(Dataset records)
== == ==

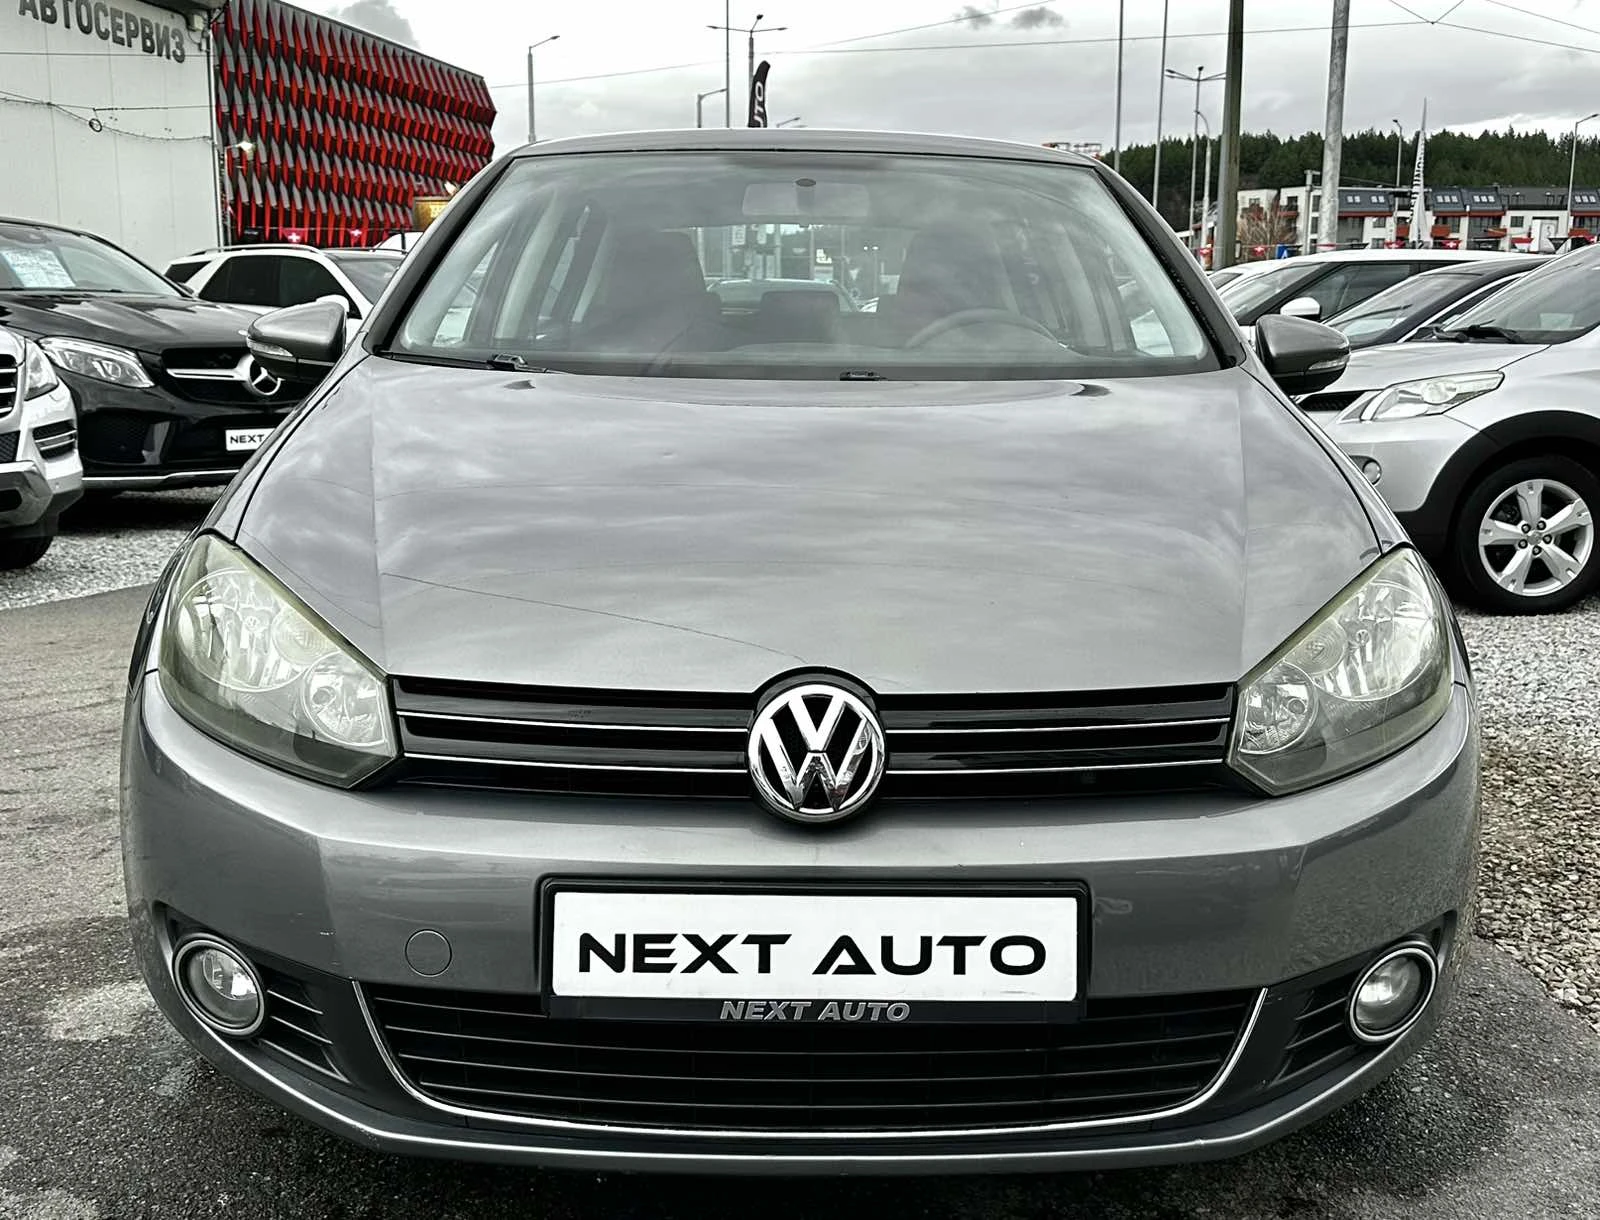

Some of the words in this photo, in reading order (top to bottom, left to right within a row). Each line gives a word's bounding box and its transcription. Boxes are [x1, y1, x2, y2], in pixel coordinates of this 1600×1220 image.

[229, 433, 265, 444] NEXT
[579, 932, 792, 974] NEXT
[812, 934, 1047, 976] AUTO
[719, 1001, 812, 1021] NEXT
[817, 1001, 911, 1022] AUTO

== == ==

» Problem details: Give every entry again verbatim, with no pictures.

» Solved problem:
Some of the words in this photo, in reading order (top to bottom, left to right within a row). Each line gives a word's bounding box and its transcription. Boxes are [x1, y1, x2, y2], in pixel coordinates of this 1600×1220 image.

[229, 433, 265, 444] NEXT
[579, 932, 792, 974] NEXT
[812, 934, 1047, 976] AUTO
[719, 1001, 812, 1021] NEXT
[817, 1001, 911, 1022] AUTO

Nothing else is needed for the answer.